* MATERIAL SHOWN:
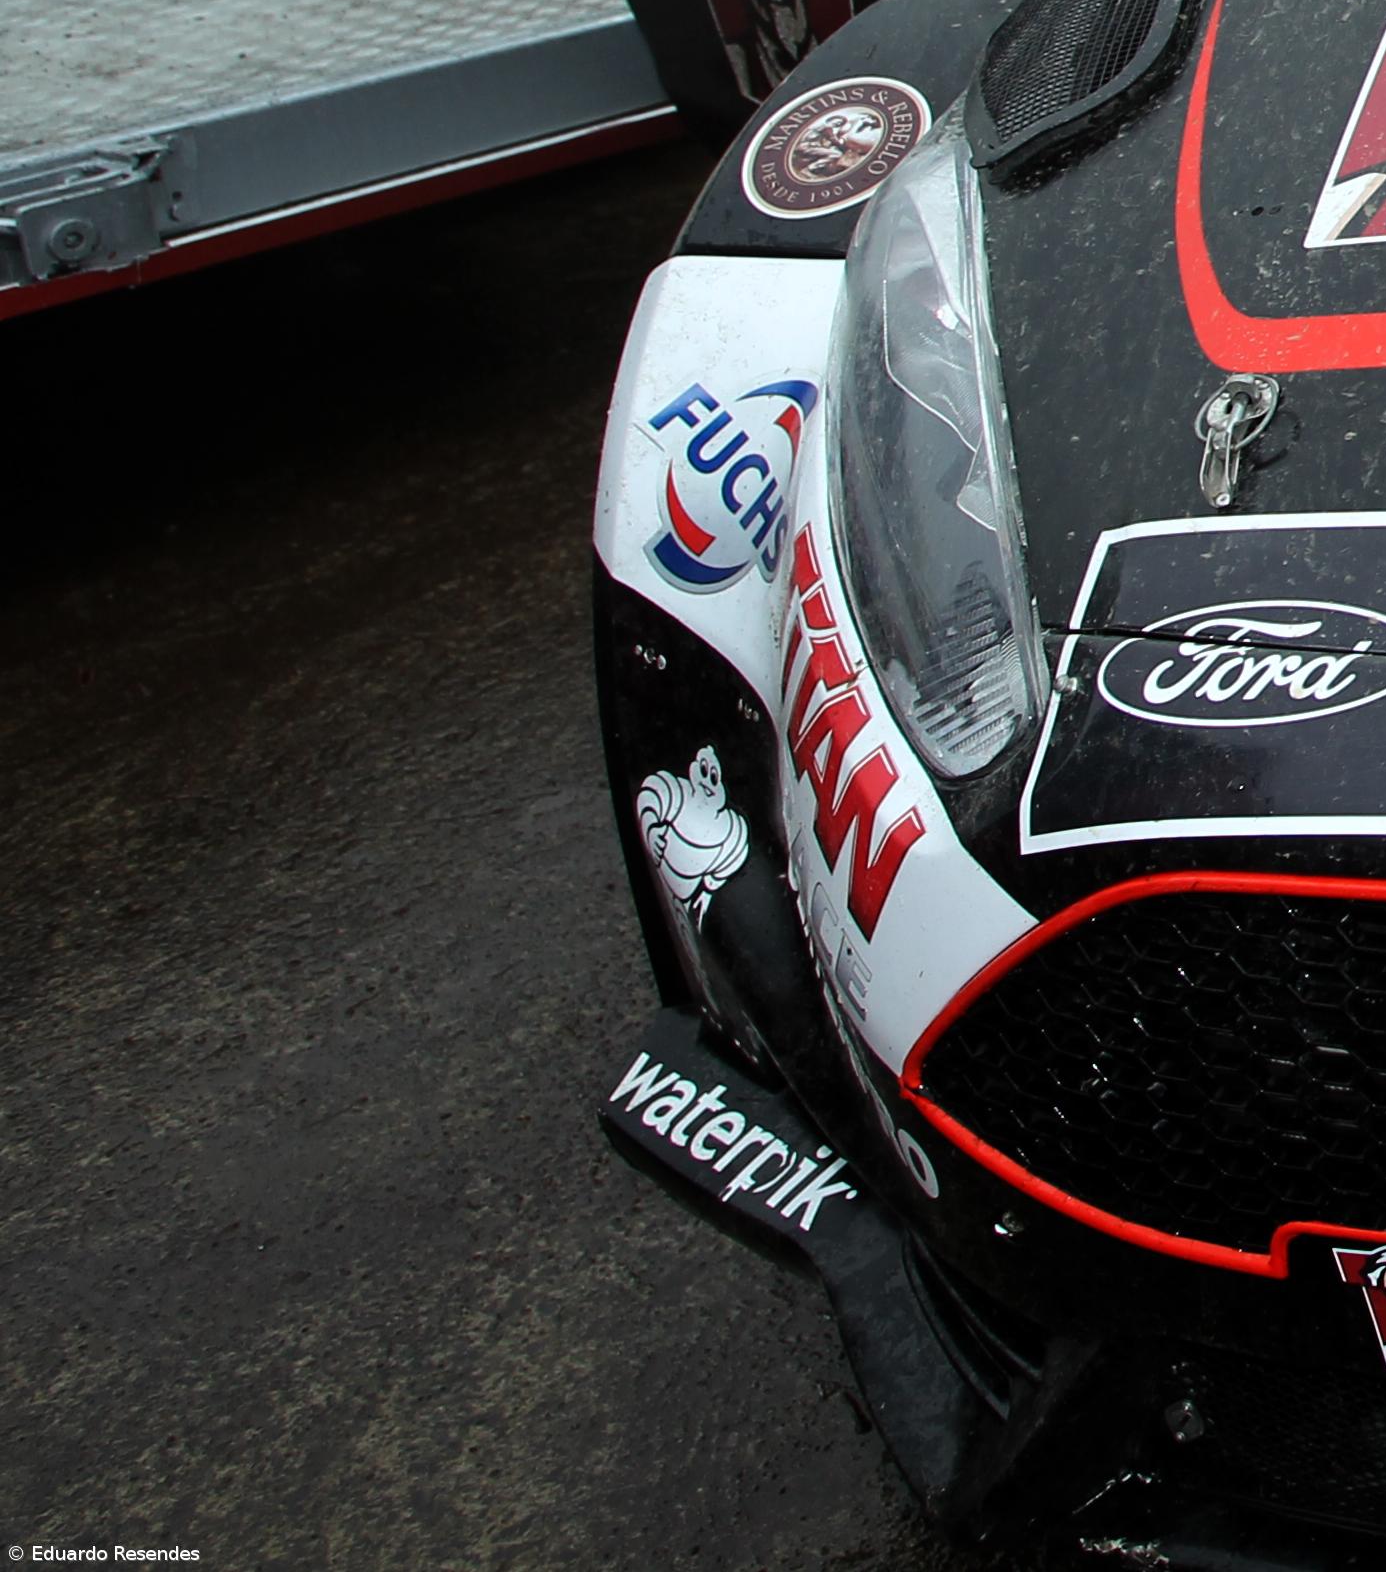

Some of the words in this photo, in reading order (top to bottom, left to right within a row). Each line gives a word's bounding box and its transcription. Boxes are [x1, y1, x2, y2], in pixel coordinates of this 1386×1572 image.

[764, 87, 865, 152] MARTINS
[870, 90, 889, 106] &
[867, 100, 913, 176] REBELLO
[760, 161, 800, 204] DESDE
[809, 180, 855, 203] 1901
[649, 382, 789, 569] FUCHS
[1144, 604, 1370, 703] Ford
[609, 1052, 848, 1231] waterpik
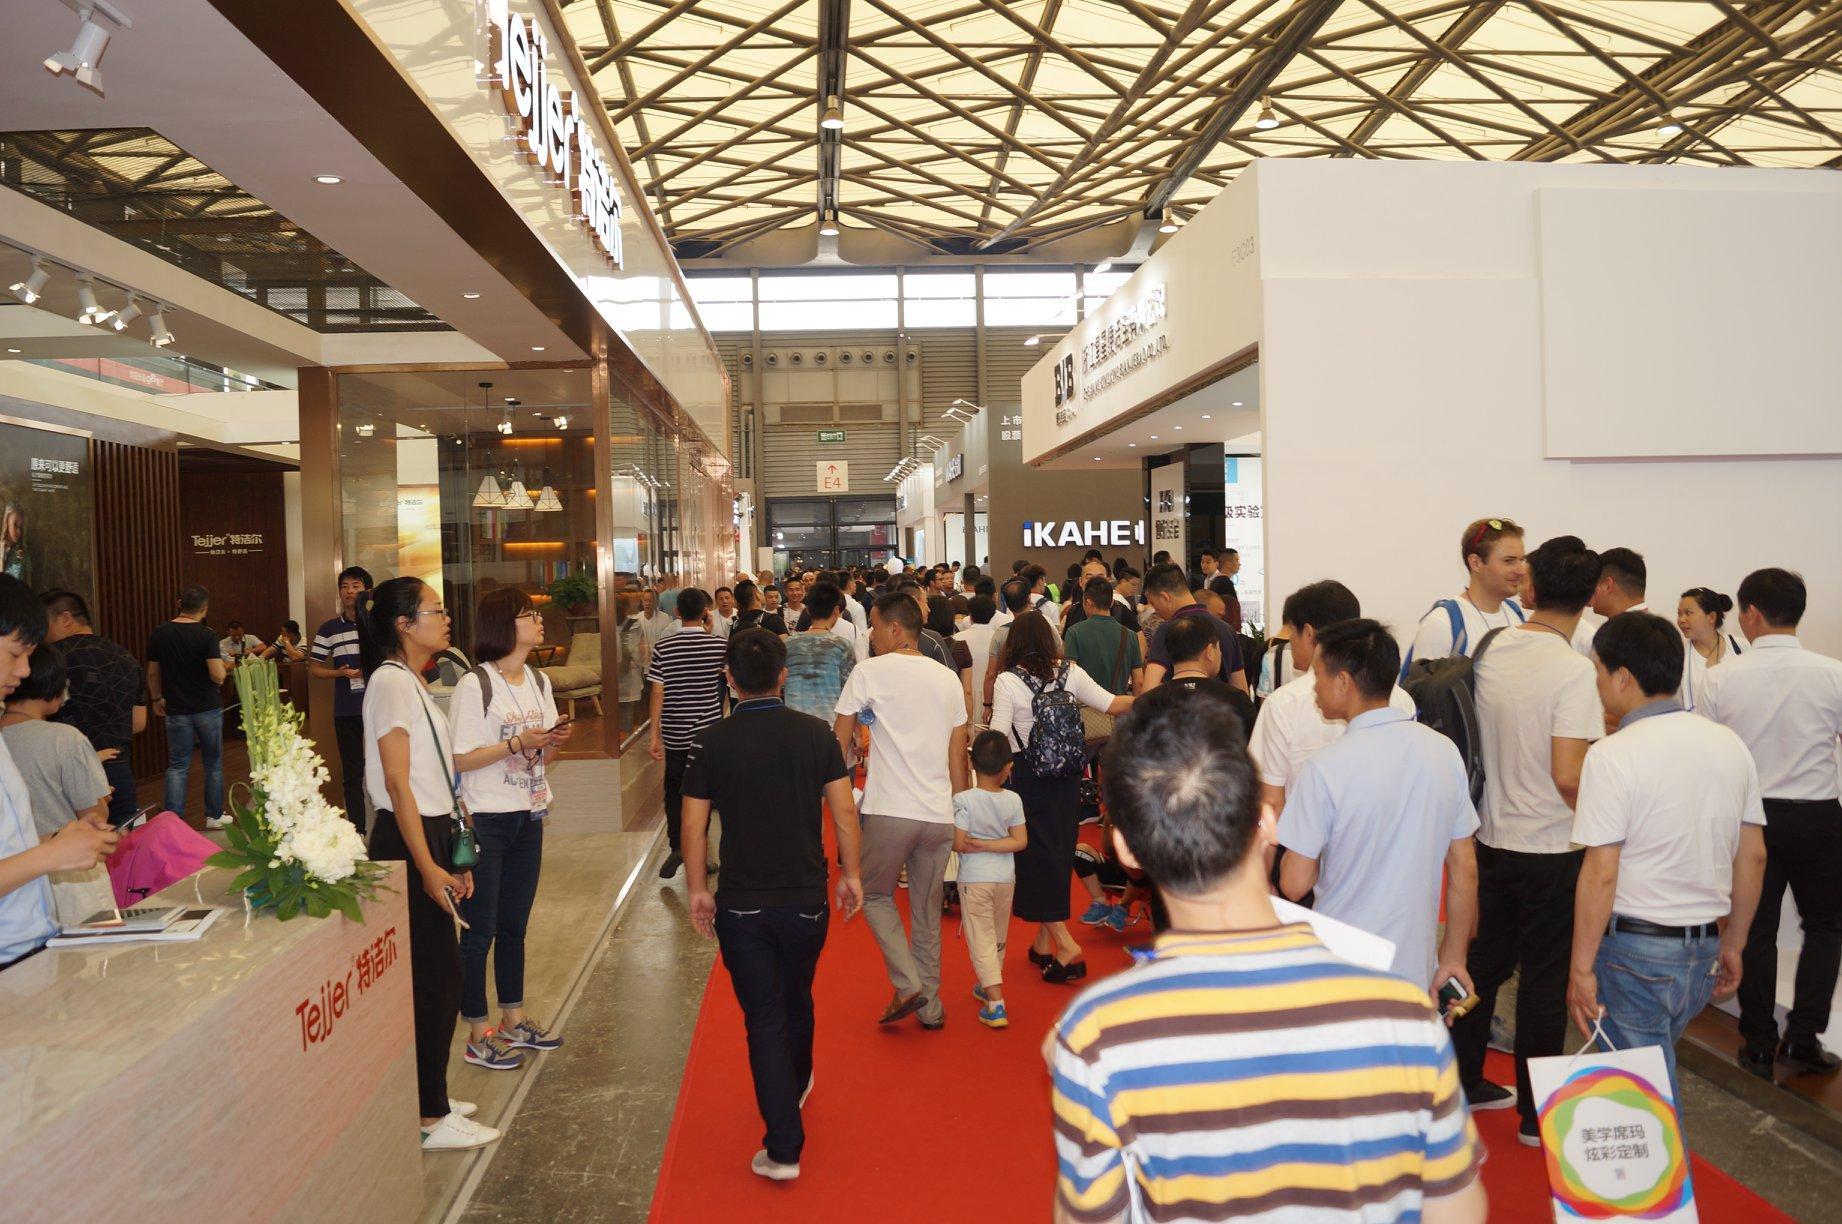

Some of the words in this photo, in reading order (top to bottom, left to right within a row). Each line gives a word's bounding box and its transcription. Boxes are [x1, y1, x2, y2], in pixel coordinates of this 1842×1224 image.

[1000, 415, 1023, 426] 上市
[824, 476, 841, 489] E4
[191, 534, 228, 548] Tejjer
[296, 970, 352, 1052] Tejjer
[356, 926, 397, 995] 特洁尔
[1582, 1124, 1646, 1143] 美学席玛
[1584, 1143, 1649, 1162] 炫彩定制
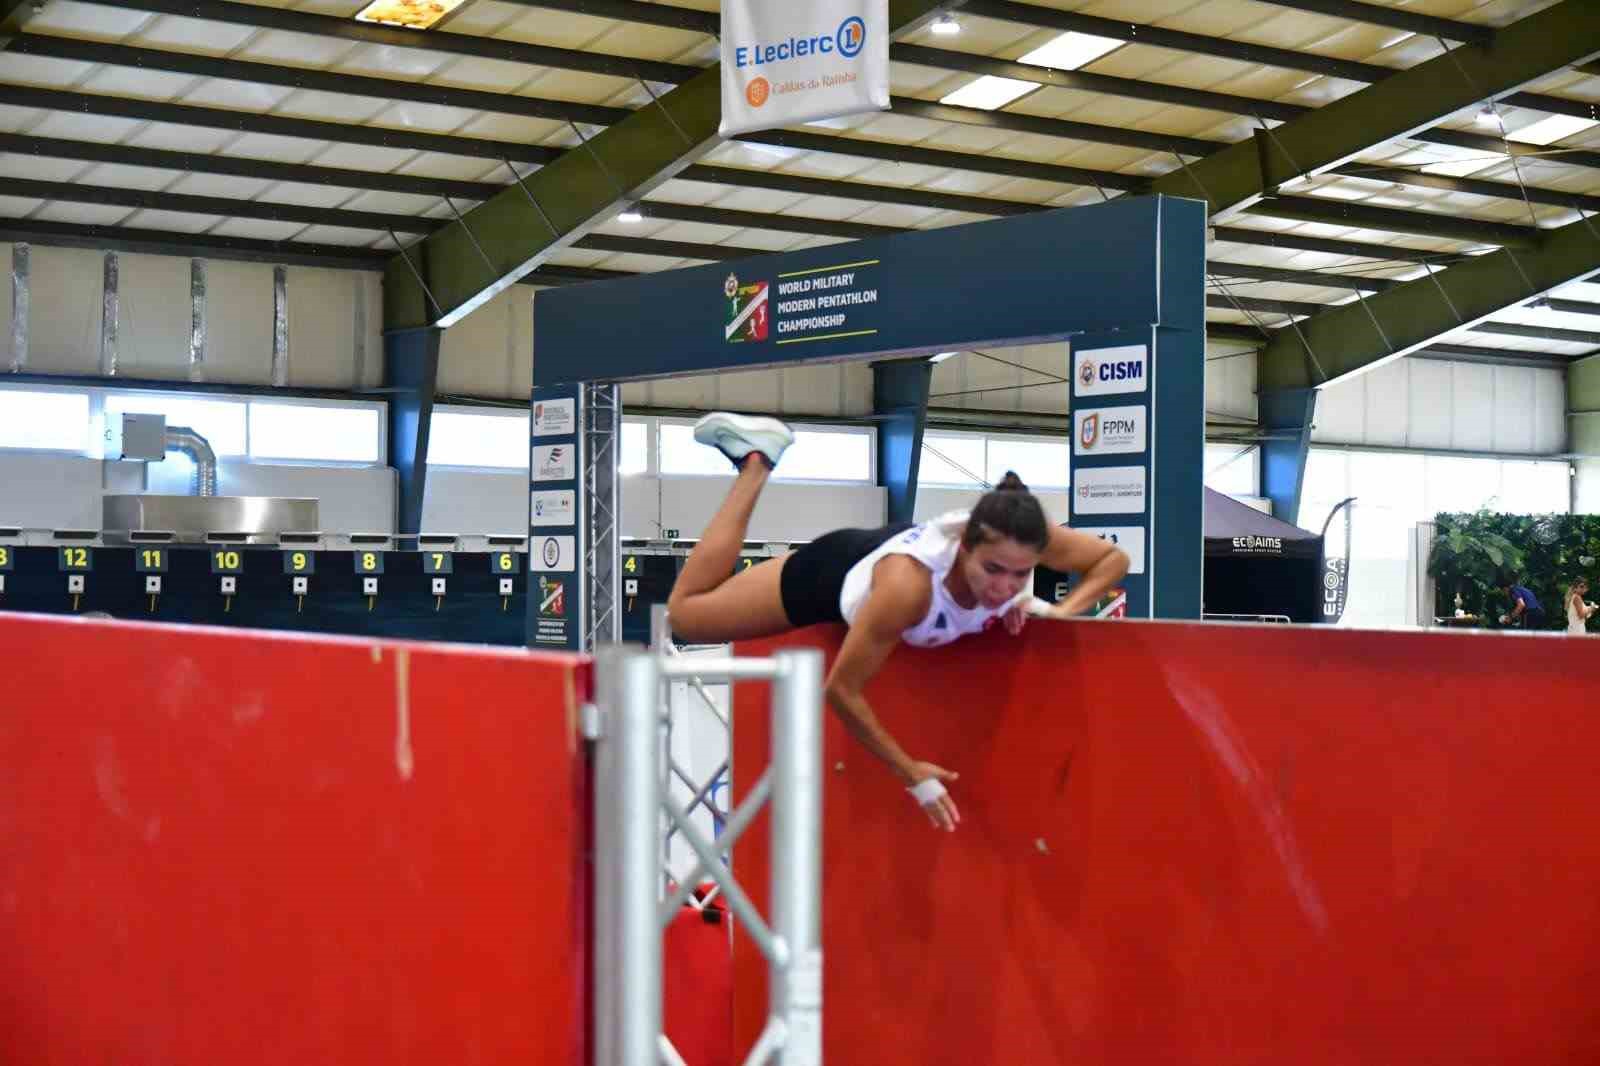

* EXERCISE INSTRUCTIONS: Restate the listing above word for word, and skip the pictures.

* EXERCISE RESPONSE:
Some of the words in this photo, in reading order (top to bottom, left to right within a row). Each line gives a word's bounding box and its transcription. Boxes are [x1, y1, x2, y2], in pixel coordinates of this 1386×1572 image.

[764, 87, 865, 152] MARTINS
[870, 90, 889, 106] &
[867, 100, 913, 176] REBELLO
[760, 161, 800, 204] DESDE
[809, 180, 855, 203] 1901
[649, 382, 789, 569] FUCHS
[1144, 604, 1370, 703] Ford
[609, 1052, 848, 1231] waterpik

Some of the words in this photo, in reading order (top to bottom, left to right within a row). Each line gives a word's bounding box and its transcription. Boxes are [x1, y1, x2, y2], in pixel coordinates of this 1842×1224 image.

[1000, 415, 1023, 426] 上市
[824, 476, 841, 489] E4
[191, 534, 228, 548] Tejjer
[296, 970, 352, 1052] Tejjer
[356, 926, 397, 995] 特洁尔
[1582, 1124, 1646, 1143] 美学席玛
[1584, 1143, 1649, 1162] 炫彩定制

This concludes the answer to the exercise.